The Choice-Feedback Response Time Spectrum
Tactical and strategic choices in a game can be show on an a spectrum where the axis is choice-feedback response time. Here’s what the axis itself might look like
On the left are tactical choices (for which feedback is given within the turn), and on the right are strategic choices (for which feedback is given at the end of the game). These axes can be a useful tool for analyzing games. Take a look, for example, at Race for the Galaxy’s graph:
As I mentioned two weeks ago, RftG has a mechanic that governs the tactical portion of the game (role selection), and a separate mechanic that governs its strategic aspect (engine building). These two sets of mechanics are represented by the boxes on the graph, and it’s interesting to note that they are completely separate sets of mechanics. Compare that to the graph for the Lost Cities card game:
Lost Cities has lots of tactical choice and some strategic choice, but they are all provided for by a single set of mechanics!
Now this spectrum is pretty useful for analyzing some board games, but it’s actually really narrow. One thing that isn’t accounted for is split second feedback (instant gratification). Another is feedback that takes longer than a single game, for example metagame analysis in choosing what deck to play in a Magic: the Gathering tournament. Here’s what the spectrum might look like including those two on the ends:
This is useful for analyzing a broader subset of games. For example, here’s a brief analysis of baseball using this framework (note that I know next to nothing about baseball, so most of this is conjecture):
Where I’m going with this is that in addition to being used for analysis of individual games, this spectrum is also useful for analyzing broader types of games. As we’ve already seen, sports and e-sports tend to be full spectrum games. We’re used to board games focusing on tactics and strategy, not uncommonly stretching into metastrategy. We usually expect video games to focus on twitch and tactical choices, not uncommonly stretching into strategy.

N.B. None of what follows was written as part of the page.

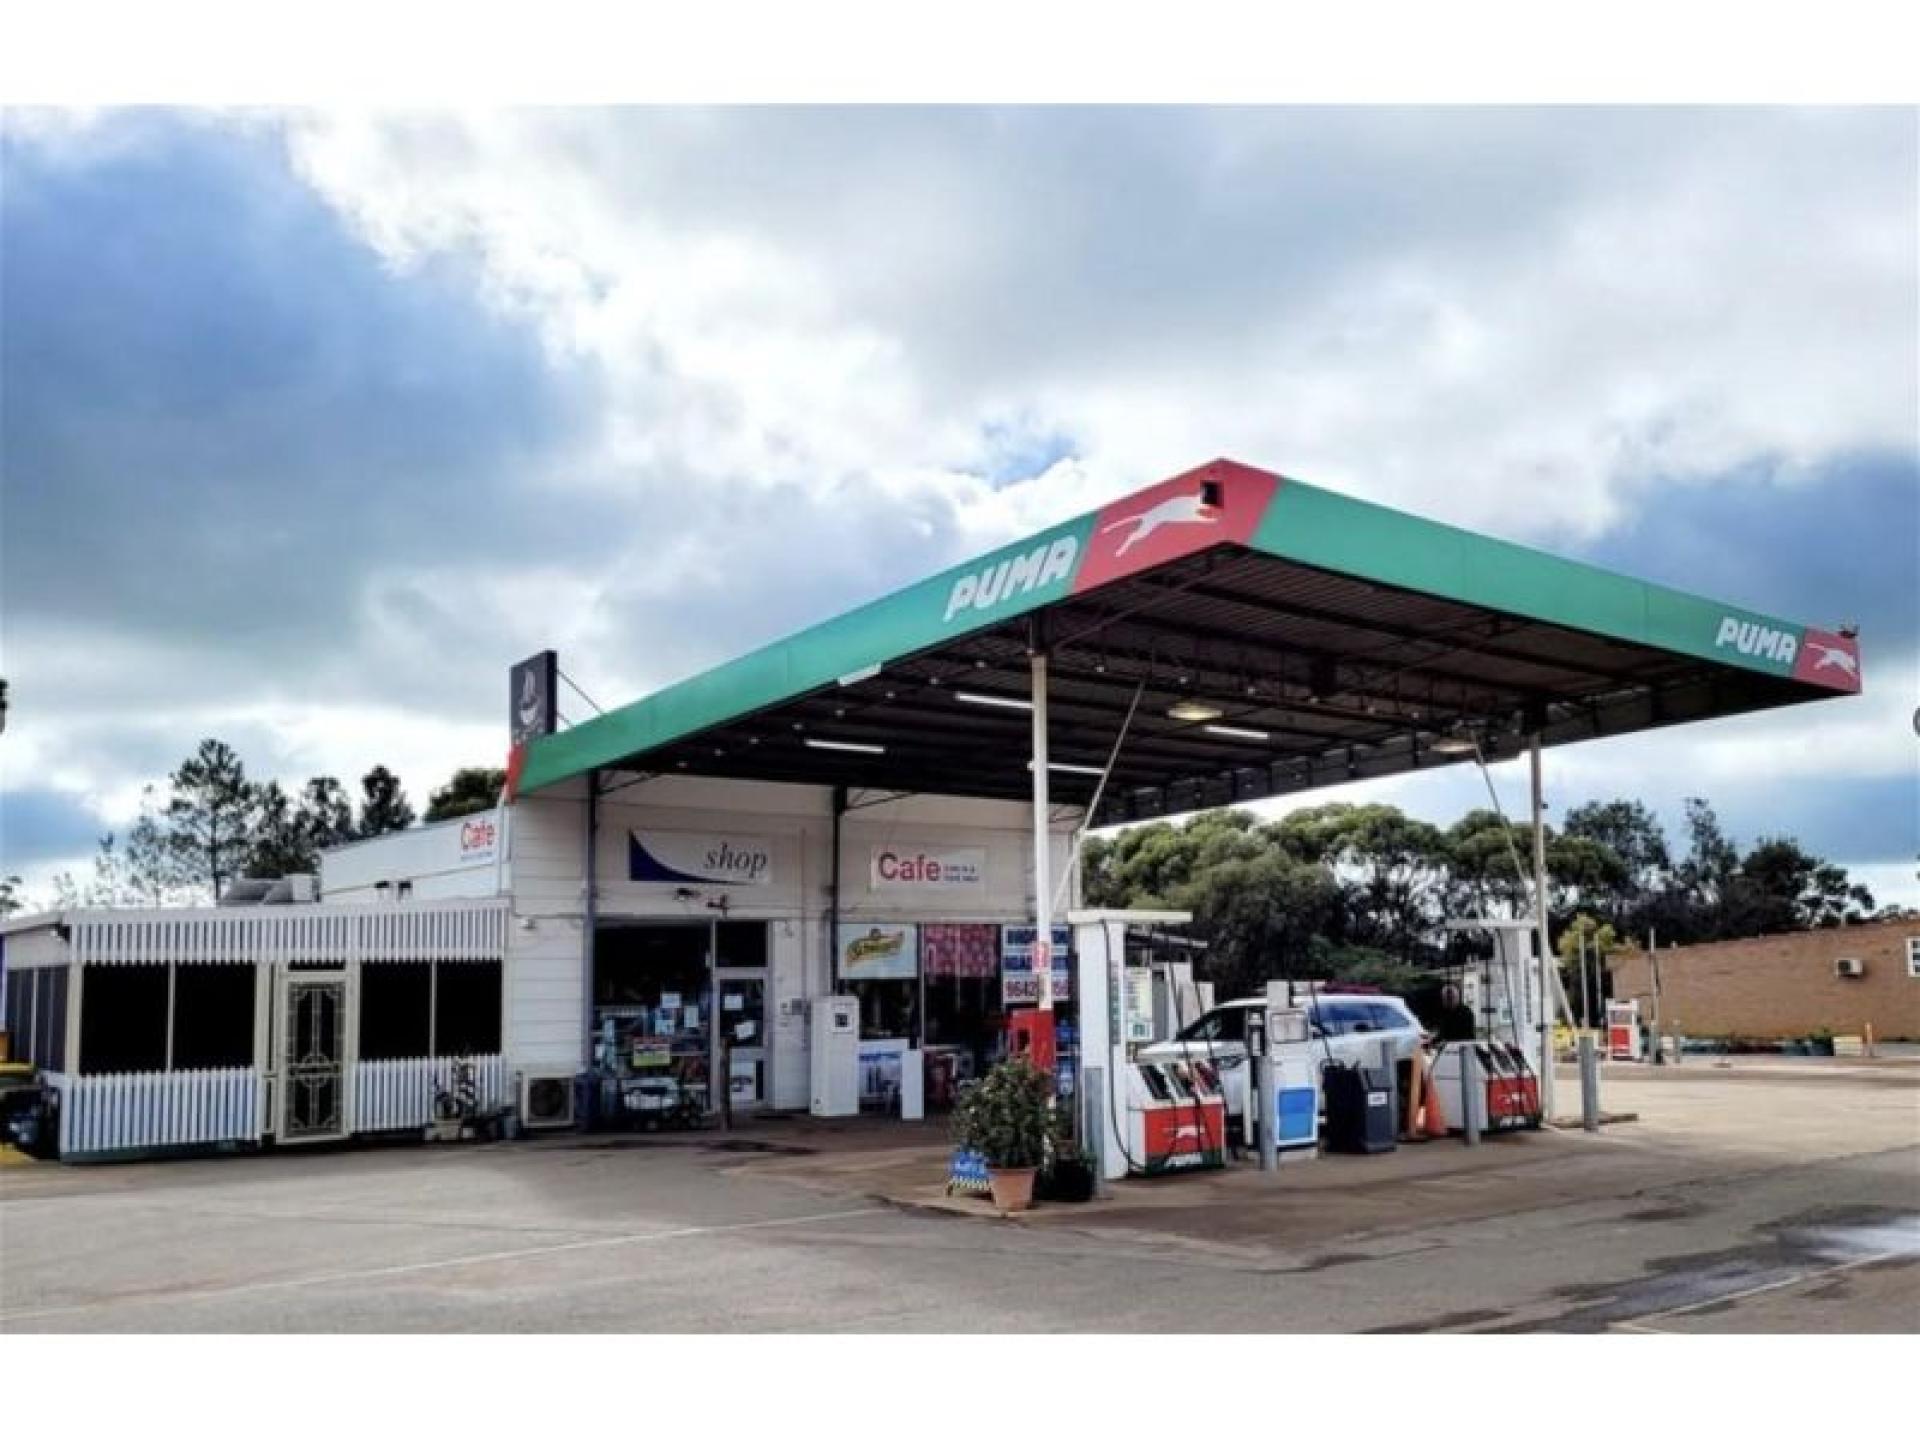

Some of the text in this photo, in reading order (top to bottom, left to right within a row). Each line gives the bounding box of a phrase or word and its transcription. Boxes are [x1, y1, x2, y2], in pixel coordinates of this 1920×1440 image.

[943, 535, 1078, 622] PUMA
[1715, 616, 1797, 665] PUMA
[703, 841, 767, 879] shop
[879, 852, 940, 882] Cafe

Now, video games can obviously contain metastrategy, and board games can sometimes have twitch choices, but video games focusing on twitch and board games focusing on strategy is one powerful convention that many games conform to. This can help us as designers understand games at a broader level. In the past I’ve written about how “default actions” (not requiring players to make strategic actions on their turns) help casual board game players handle strategy board games. I propose that this is because many people aren’t interested or equipped to make strategic choices, including many video game players. And this is why video games tend not to include much strategy or metastrategy (when compared to the amount that board games include).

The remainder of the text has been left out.